They came on one of April’s most brilliant days–a day as sparkling as a newly-washed lemon…a day when even the shadows were a melange of blue and orange and jade, like the shadows that poured from the tipsy brush of Monet.
– Beverley Nichols.
April. 2022. Yep, we're here already. I wish I could say that my month started as beautifully as the quote above, but a tummy bug followed by general fatigue has had me in a bit of a funk. Generally, I'd describe my mood as 'meh'. Never mind, I'm sure I'll be back to my tip-top self soon enough. It is curious though - how quickly one can go from marvelling at life (see the pictures above!) to a general dullness of mood. My spiritual side tells me it's just two sides of the same coin. I should probably listen to that side more often.
Anyhow, onwards we go...
I'm so thrilled to think that in another three months I'll be heading West to where the sky stretches out into the vast turquoise waters of forever. I thought it might take some time for me to adjust to the idea of leaving this house and this lush view, but it's taken very little time at all. There is no doubt that I've been ready for a shake up in our lives for a while now and it's likely we would have moved earlier if Covid hadn't happened. But it did happen and so this is the time. I'm trying to be realistic and to not have too many expectations about how life will be somewhere else. We've been very honest with ourselves in admitting that we are not just moving towards something, but also away from something, or perhaps, many things. These things are difficult to articulate, they are like 'stagnation' or staleness and allude to complications associated with living in the fastest growing region in the country. And, there's a sense that we want to build something new, something more intentional and aligned to who we both are. Something simpler and saltier, that demands we spend more time outdoors and less time in traffic. Something fresher and wilder and friendlier. Something more about community and feeling like we belong. Yes, something like that. Anyway, I'm excited!
But enough banging on about the move! What have I been up to these past two weeks? Oh geez, well, before I got the 'meh blues' I was being incredibly productive. I was glazing and firing functional ceramic pieces for most of that time, and spending my time in-between drawing, as has been the pattern so far this year. I am still working on pieces influenced by archeological 'venus' figures and have created a new section under the Projects tab of my website for these pieces. For now I'm calling the body of work 'Statuesque', but I'm really still working it all out and might revisit that name at some point.

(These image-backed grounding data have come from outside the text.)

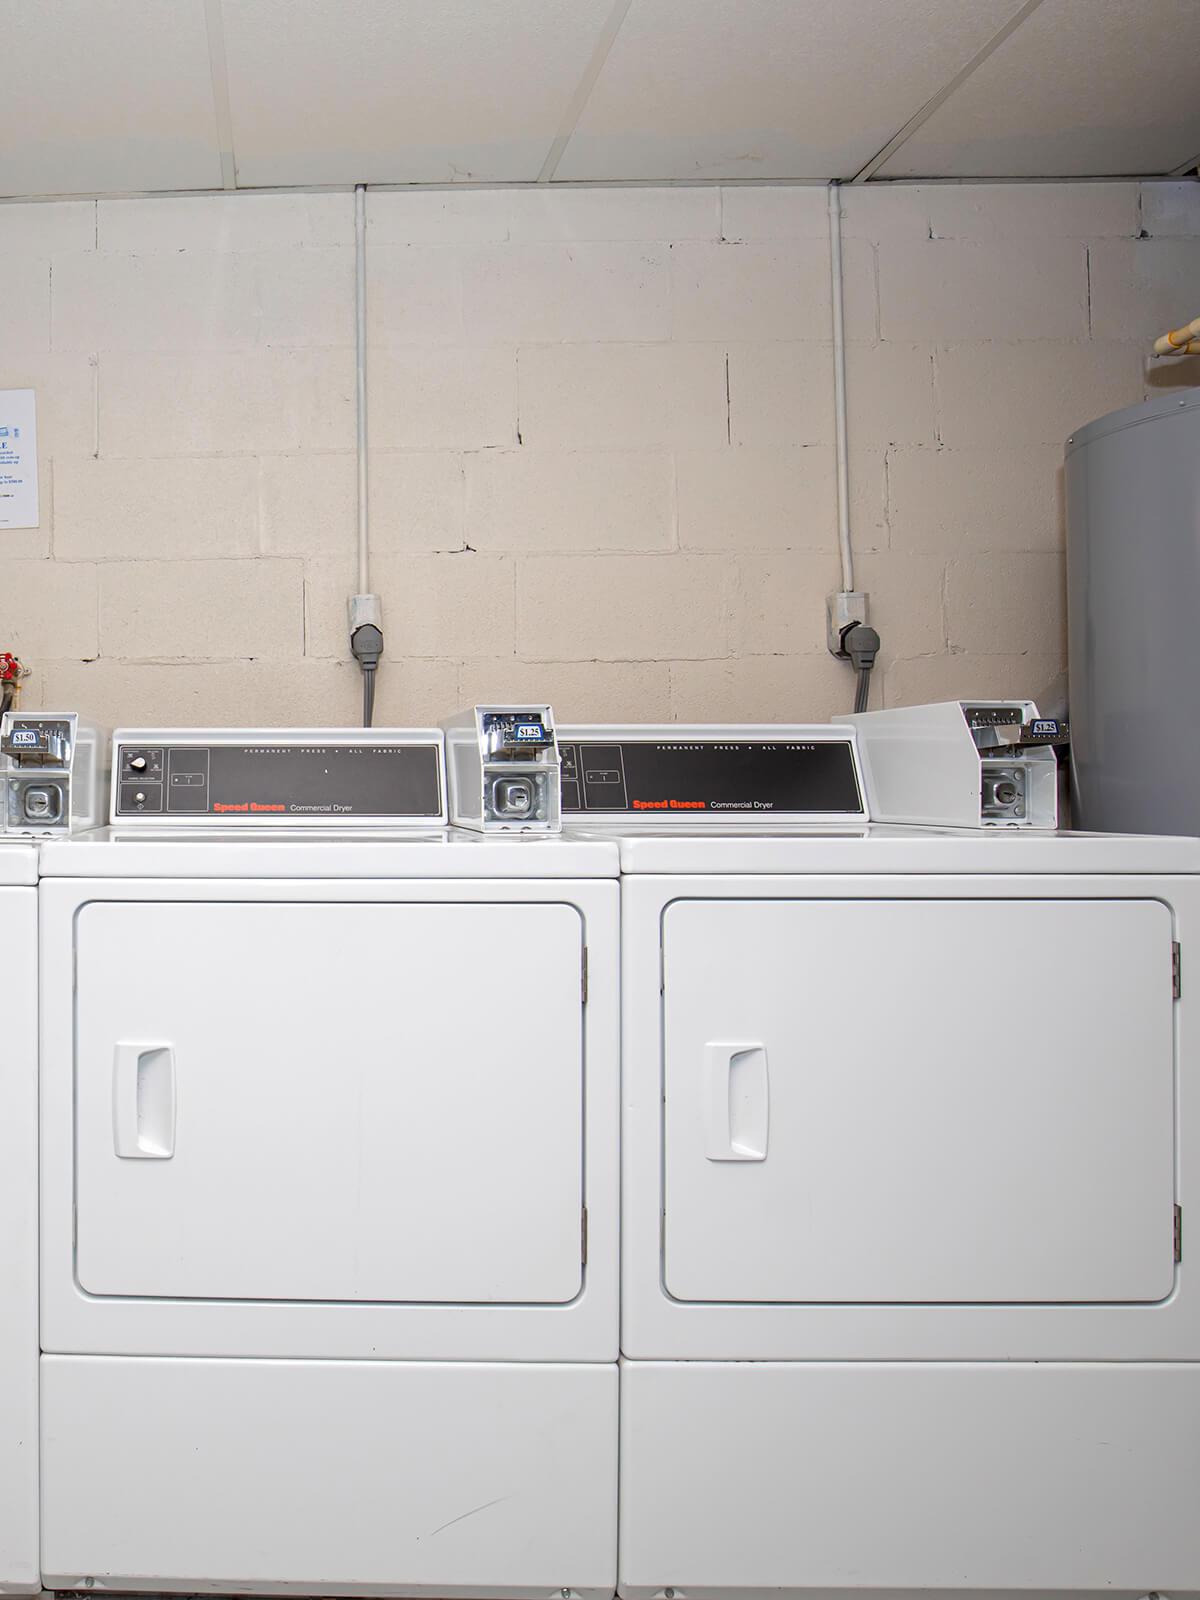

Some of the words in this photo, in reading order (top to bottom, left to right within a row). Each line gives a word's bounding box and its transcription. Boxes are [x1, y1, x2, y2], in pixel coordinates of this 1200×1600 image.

[1036, 723, 1055, 731] $1.25
[520, 728, 539, 737] $1.25
[15, 733, 34, 742] $1.50
[214, 803, 248, 813] Speed
[251, 803, 285, 812] Queen
[290, 804, 332, 812] Commercial
[333, 804, 352, 813] Dryer
[633, 800, 668, 810] Speed
[670, 800, 705, 809] Queen
[710, 801, 752, 809] Commercial
[754, 801, 774, 810] Dryer

I still take ceramic classes a few times a month and I've been working on finishing off a garden totem that I started early last year. The rainbow lorikeet below is my most recent addition, and I'll be finishing off a second lorikeet this week. I look forward to the day I can actually show a photo of this totem installed, but for now all the pieces sit on my storeroom shelves waiting to get packed up for the big move. It will be a momentous occasion when I do finally get to put it together!

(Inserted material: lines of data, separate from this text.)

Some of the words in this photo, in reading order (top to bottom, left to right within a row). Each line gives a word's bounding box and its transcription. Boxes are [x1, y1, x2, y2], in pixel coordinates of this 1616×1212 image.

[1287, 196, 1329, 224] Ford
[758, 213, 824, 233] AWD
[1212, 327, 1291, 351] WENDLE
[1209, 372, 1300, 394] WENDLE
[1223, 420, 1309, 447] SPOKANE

In other news, I got my hair cut off and I'm totally down with it. I just want to change so much of my life up lately and this was just another thing on the list of things to be transformed. A shrewd person might intuit that all of the external changes really are a projection of a desire to change or transform my inner life in some way. And that person would be spot on. As my body changes, my inner life transforms and there is a kind of requirement that everything around me must transform too. A strange state of affairs, and one that I only just considered. I think that requires deeper investigation - if not to layer meaning onto life's season's just to satiate some curiosity about the strange momentum of my middle age (and hopefully reassure myself that all of this is very normal!). So, that's me for now! I've another month of social media abstinence (it's getting dull but I'm determined to see it through) and then I'll be back with a whole bounty of work to share. But you know what? I've decided that this space is far more important to me and will be my number one priority to maintain. It's been lovely to regularly reflect on my studio time each week - it really just makes this creative life seem so much more purposeful and poignant somehow, even without an audience (or followers)! Isn't that incredibly odd? Testament to the thought that life only takes on the meaning that we, ourselves, give it.
I'm gonna go mull over that for a while.